Another private campground, overnight accommodations,
a boat ramp, and gas station are found on Chokoloskee
Island. The historic Rod and Gun Club, now only a
place to eat, was originally the estate of William S.
Allen, the original pioneer settler of Everglades City,
and then a grandiose resort operated by banker and
developer Barron Collier (the namesake of
Collier-Seminole State Park). Hurricane Donna (1960) and
a fire in 1973 destroyed much of the resort, including
the motel unit. All that is left is the artifact-filled
dining facility, in the original resort building.
Hiking & Walking Trails
At Royal Palm Hammock
Two short nature trails provide a fine look at
wildlife, in addition to a walk through a real tropical
jungle. The Anhinga Trail, only one-half mile
long, offers the park's best points from which to see
wildlife close-up. The year-round water supply in this
area keeps Taylor Slough flowing during the driest winter
months, and you'll see many water birds including herons,
egrets, and moorhens. The anhinga, or water turkey, is a
member of the darter family, and is shaped and acts much
like a cormorant, except that the anhinga's long neck has
a decided twist. The female has a buff-colored neck. It
soars high and dives into the water, often swimming while
submerged, looking for its catch of the day.
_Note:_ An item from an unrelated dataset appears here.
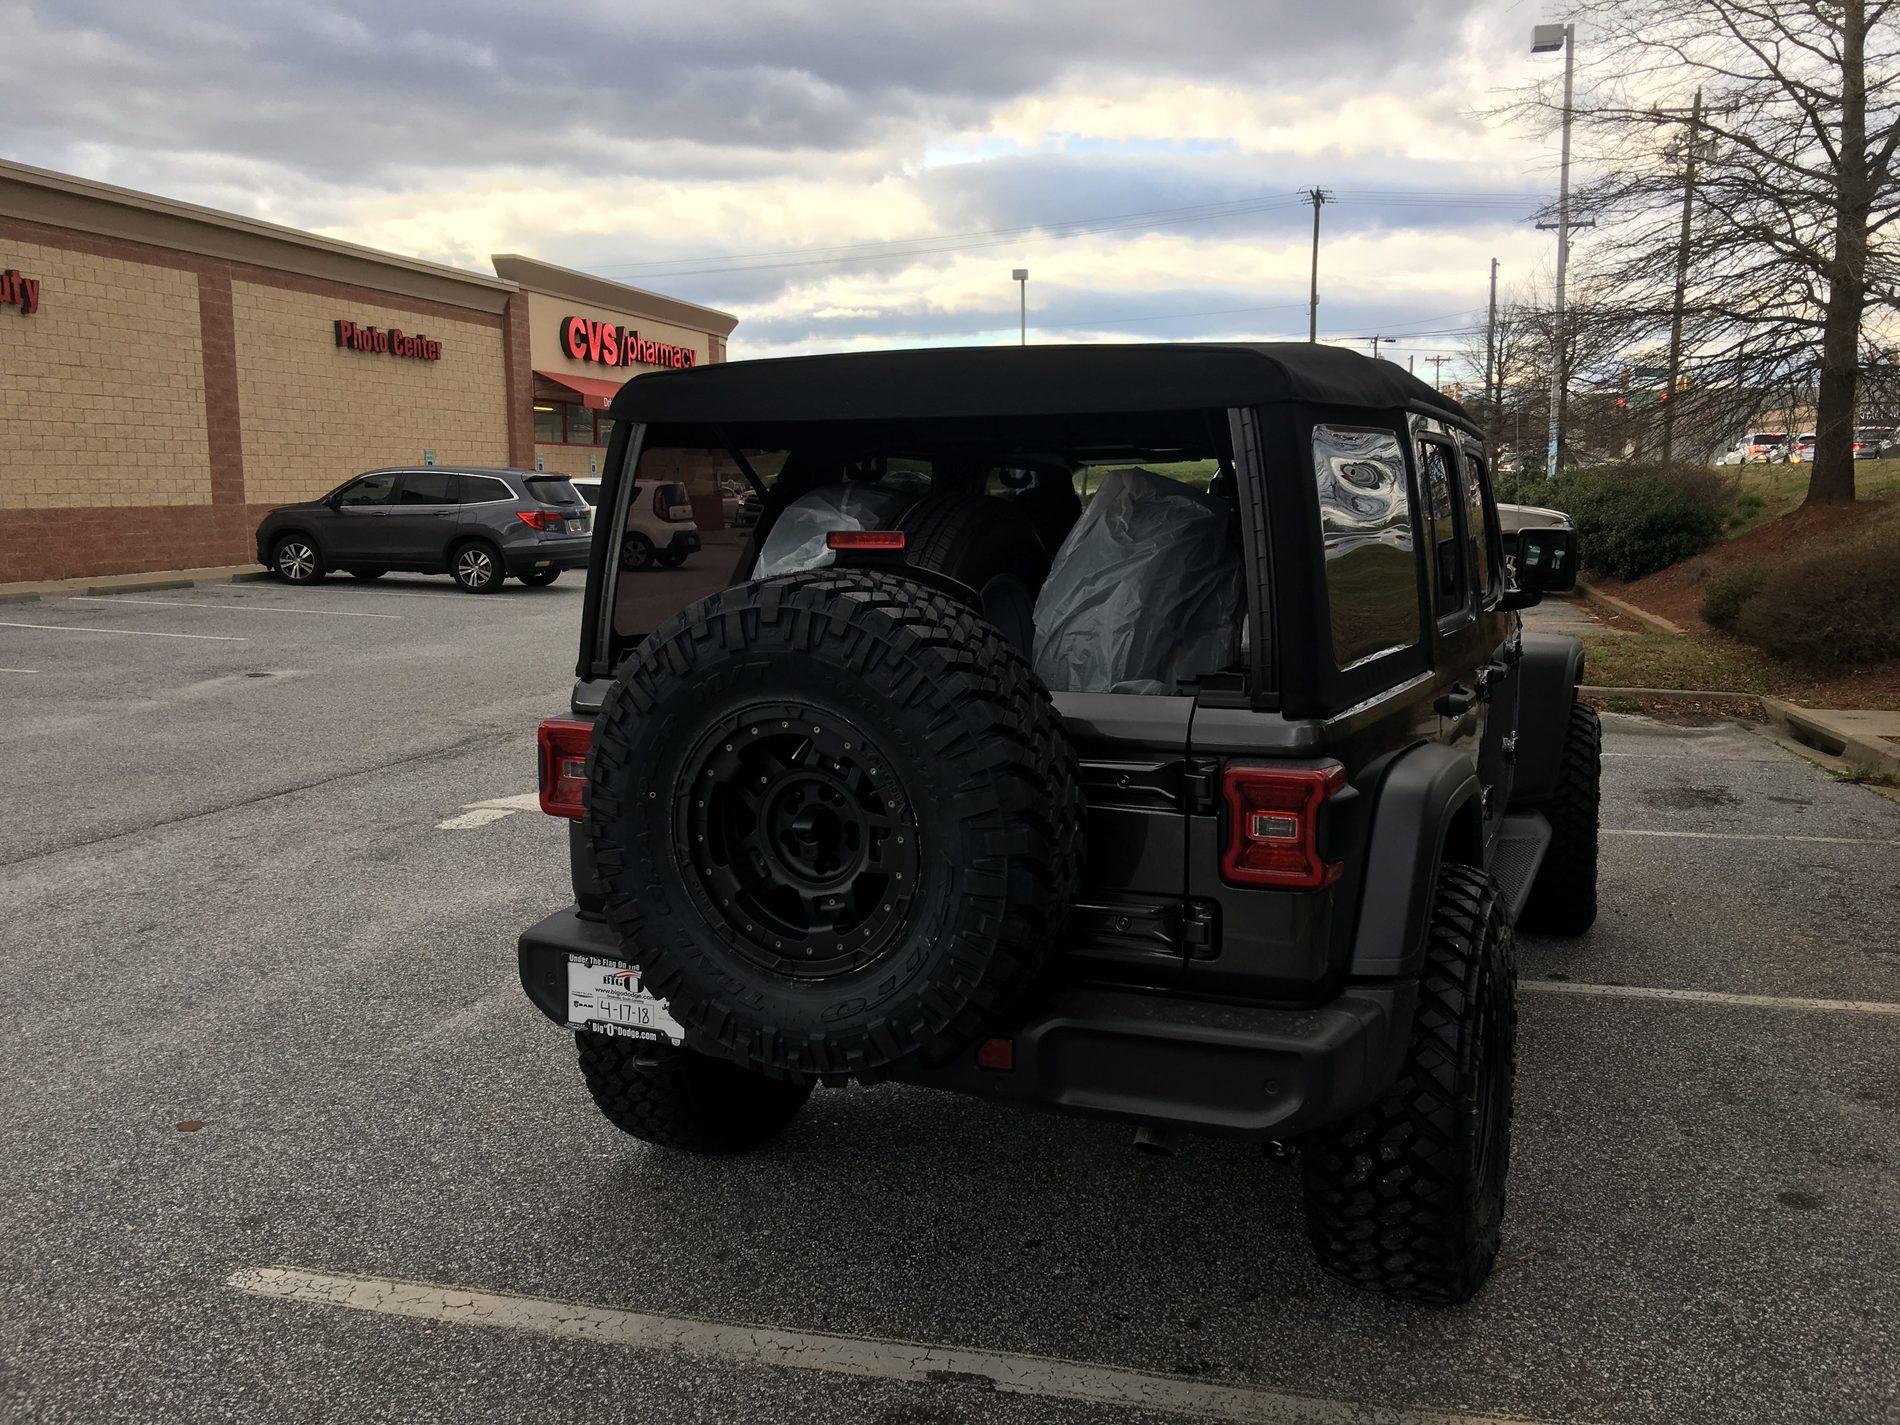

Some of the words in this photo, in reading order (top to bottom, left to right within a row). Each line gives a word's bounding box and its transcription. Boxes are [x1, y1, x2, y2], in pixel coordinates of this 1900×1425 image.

The second trail (Gumbo Limbo) is only
one-third mile long, but takes you through the grove of
royal palms, and into a jungle environment where you'll
see at least 150 species of plants, including orchids,
ferns, several types of air plants, wild coffee, and
gumbo-limbo.
At Long Pine Key
Located south of the main park road, this recreation
site includes a campground, as well as the 7-mile Long
Pine Key Trail. The hike begins at the Long Pine
entrance road, and runs west to the main park road, after
passing Pine Glades Lake. This is quite a dry walk, using
old roadways. Much of the trail leads through groves of
pine, with saw palmetto providing most of the
undergrowth. You'll also see a lot of marlberry, plus
acacia, coco plum, and dahoon.
Another trail (3.6 miles) leads from a trailhead
reached from one of the entrances to the campground (Gate
3). Walk east 0.7 mile from the gate to reach the
beginning of the trail, then walk through the pine forest
and then turn right at Research Center Road, past a Boy
Scout camp property. Then turn right again at Gate 2B,
and in a half-mile you return to the campground.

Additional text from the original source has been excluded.